┌─ Data in this exercise
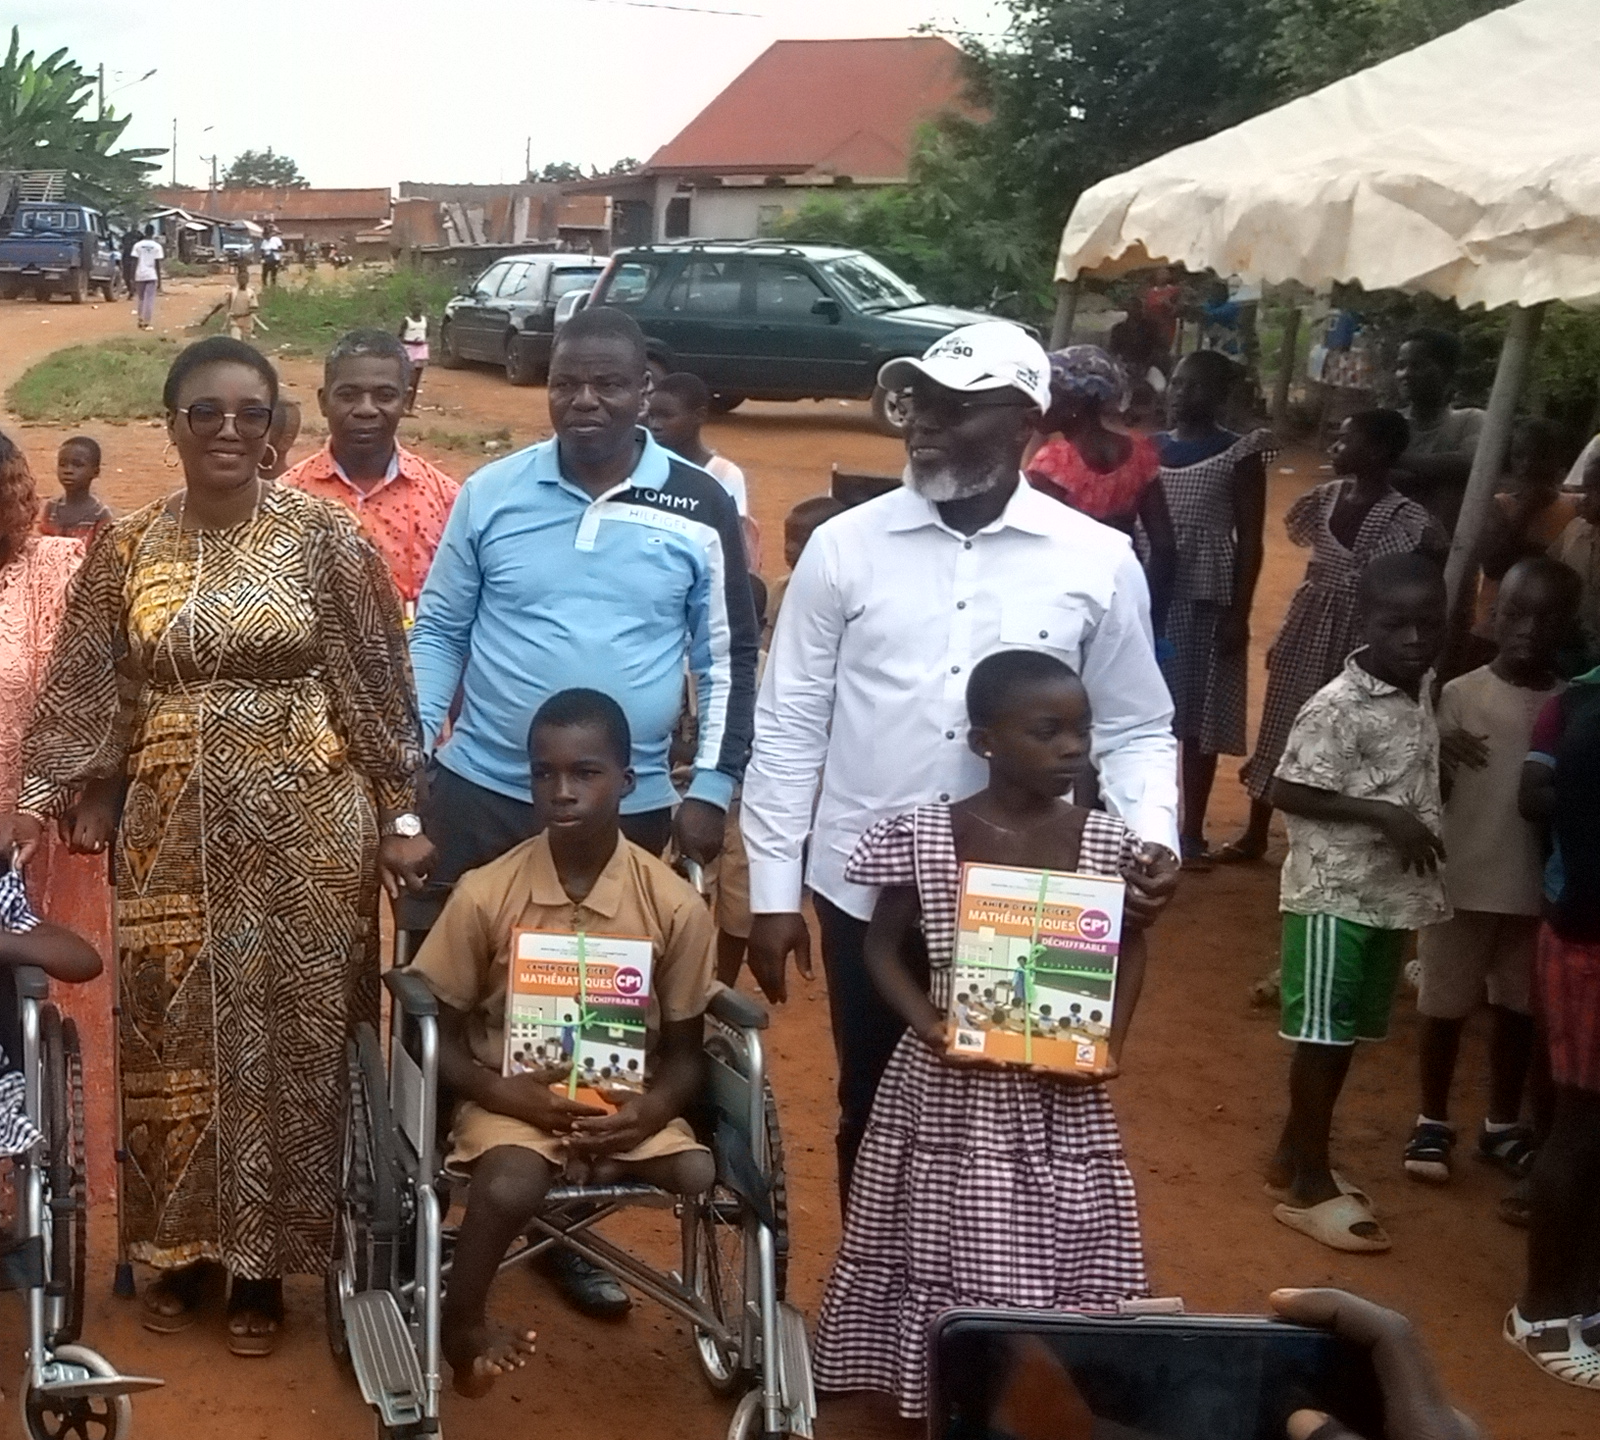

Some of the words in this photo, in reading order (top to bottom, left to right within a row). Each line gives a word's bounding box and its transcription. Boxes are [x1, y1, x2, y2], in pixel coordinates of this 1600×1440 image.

[1080, 917, 1109, 934] CP1
[1042, 935, 1107, 952] DÉCHIFFRABLE
[519, 971, 613, 989] MATHÉMATQUES
[616, 974, 642, 988] CP1
└─
- To do
Repeat the preceding records exactly but drop the images.

- Solution to this task
Some of the words in this photo, in reading order (top to bottom, left to right within a row). Each line gives a word's bounding box and its transcription. Boxes are [x1, y1, x2, y2], in pixel coordinates of this 1600×1440 image.

[1080, 917, 1109, 934] CP1
[1042, 935, 1107, 952] DÉCHIFFRABLE
[519, 971, 613, 989] MATHÉMATQUES
[616, 974, 642, 988] CP1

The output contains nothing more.